Unfinished versions of myself.

And I know I’m not alone in this.

I’m into a lot—building Anobdy, making art, writing, thinking, wandering in nature, fixing up the camper van, taking care of the land, helping my wife with her business, working full-time, taking care of the dogs, trying to be a good human, and a hundred other things.

And I’m also trying to slow down, to enjoy the river, to just be.

To just exist.

But I still feel the pressure. The weight of all the things I could be doing.

The guilt of having so much, and leaving so much undone.

There are people who would give anything to have the time or tools or resources I have. And yet I sit staring at a half-built studio and a pile of ideas I haven’t acted on.

And there’s this fire in me—that ambition.

I know I can do more.
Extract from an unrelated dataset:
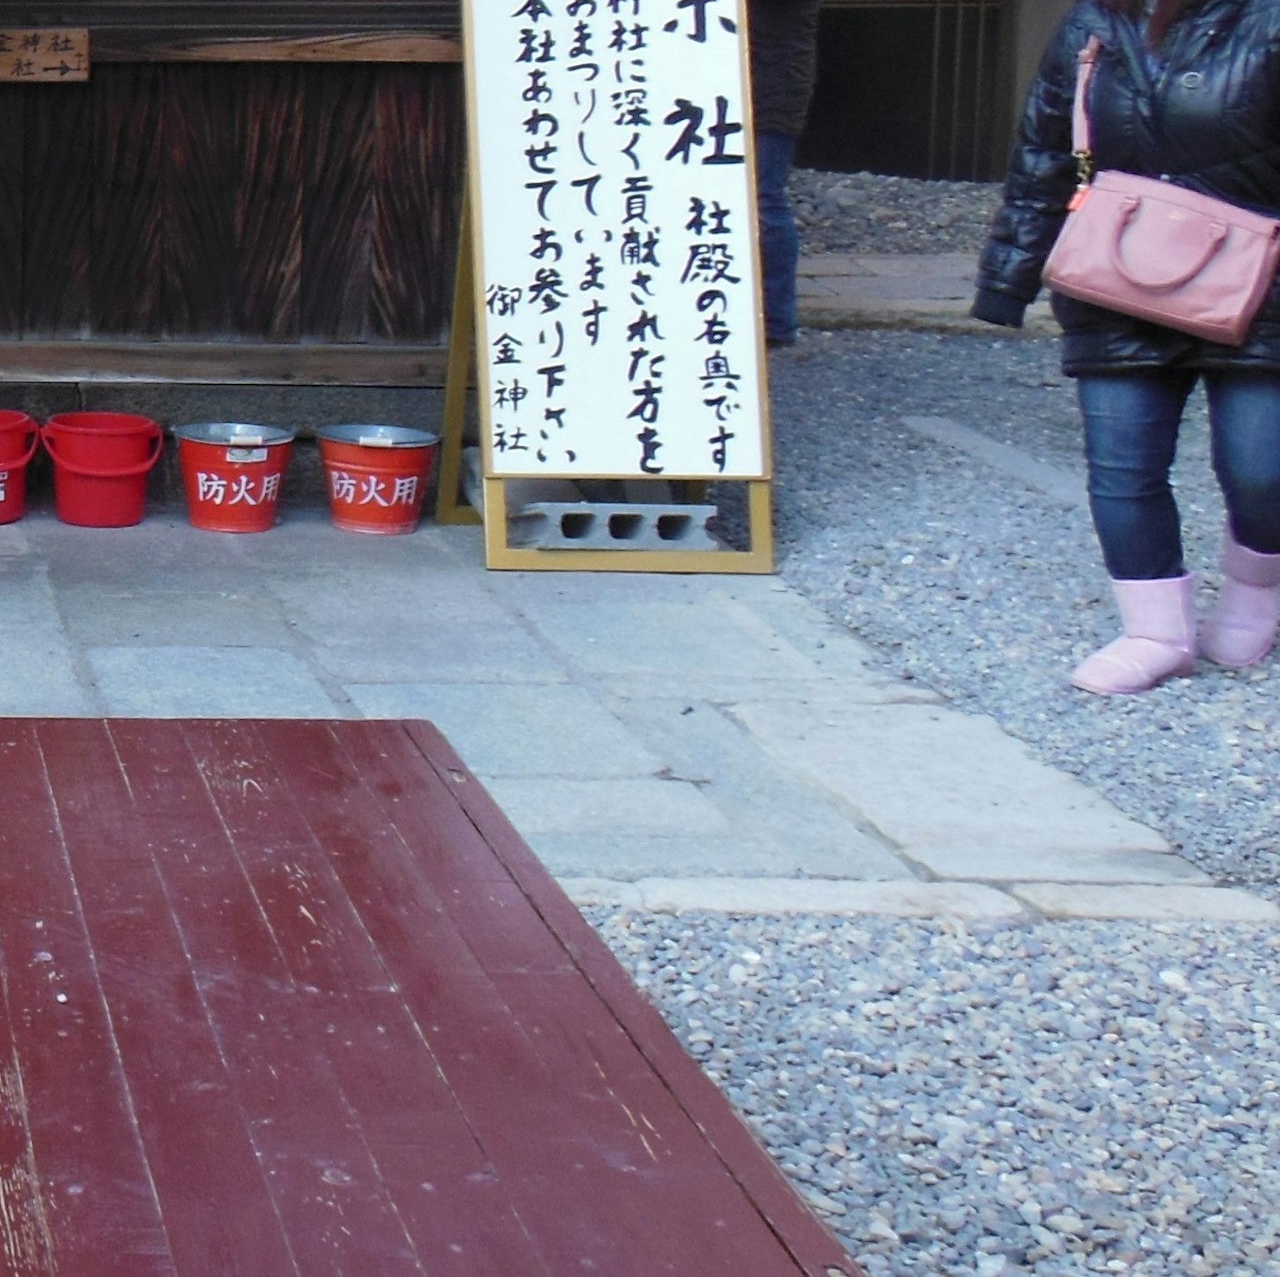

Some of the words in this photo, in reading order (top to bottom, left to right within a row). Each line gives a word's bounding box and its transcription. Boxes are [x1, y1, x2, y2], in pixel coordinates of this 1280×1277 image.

[485, 282, 530, 453] 御金神社
[680, 195, 744, 473] 社殿の右奥です
[196, 471, 282, 507] 防火用
[329, 469, 419, 508] 防火用
I know I have something creatively special to share with the world.

But that ambition often feels like it’s pushing against something else inside me… the monk.
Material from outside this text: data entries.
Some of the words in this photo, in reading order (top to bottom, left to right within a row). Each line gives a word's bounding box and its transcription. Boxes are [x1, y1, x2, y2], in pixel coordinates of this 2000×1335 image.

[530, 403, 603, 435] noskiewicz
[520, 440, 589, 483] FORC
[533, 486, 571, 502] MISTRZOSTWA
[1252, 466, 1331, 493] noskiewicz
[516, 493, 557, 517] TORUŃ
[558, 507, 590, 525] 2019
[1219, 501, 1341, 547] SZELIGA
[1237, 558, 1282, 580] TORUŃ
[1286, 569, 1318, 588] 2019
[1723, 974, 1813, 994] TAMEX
There’s a part of me that just wants to let it all go.

To give up all the projects and expectations and timelines and simply exist—to walk through the woods, to sit beside the river, to listen to the wind and the birds and the beating of my own heart.
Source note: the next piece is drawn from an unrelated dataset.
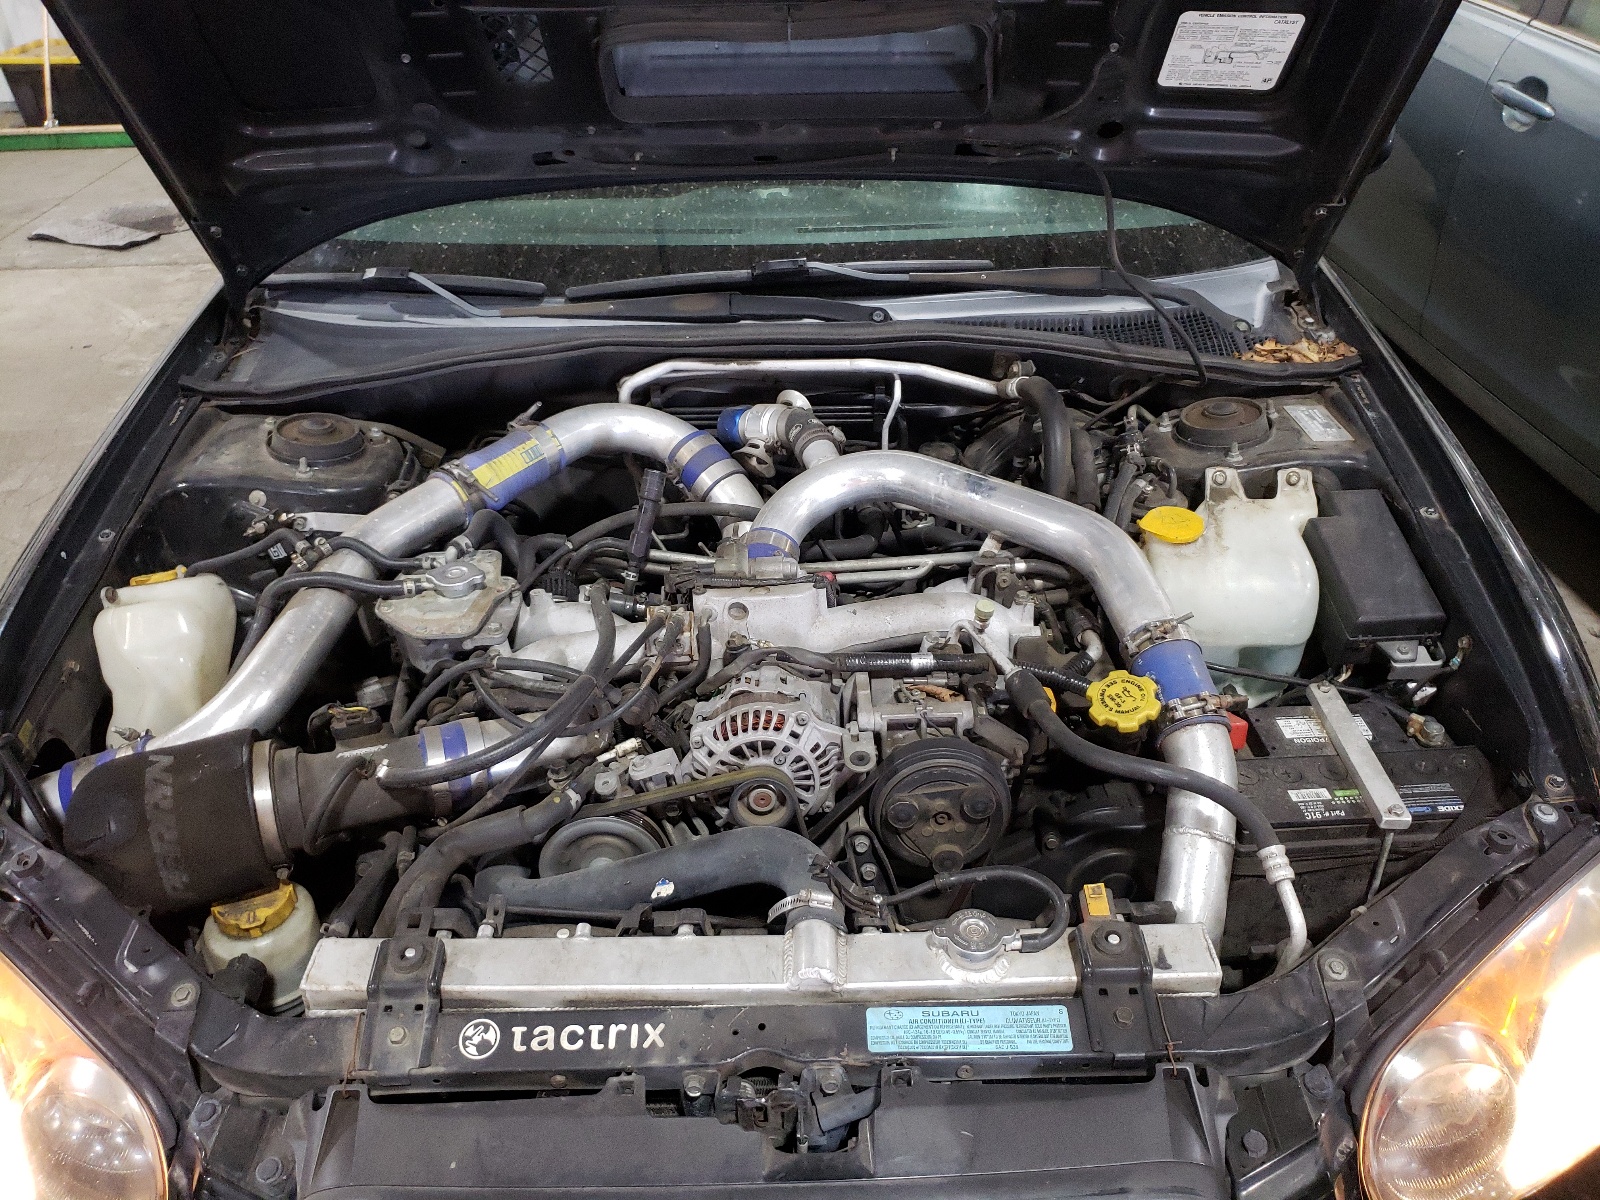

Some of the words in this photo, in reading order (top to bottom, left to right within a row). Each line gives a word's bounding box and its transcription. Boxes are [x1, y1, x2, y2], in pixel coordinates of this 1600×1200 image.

And yet… the ideas keep coming.

Every day, I text myself “thots of anobdy.”

Every walk sparks a new build, a new insight, a new piece of art.

That’s the thing no one tells you:

Being creatively alive means you will always have more ideas than time.

And somewhere along the way, I began to believe that every idea needed to be made real. That if I had the thot, I owed it something.

But I’m learning that not every thot is a task.

Some are meant to be composted.

And the ones that grow slowly often grow stronger.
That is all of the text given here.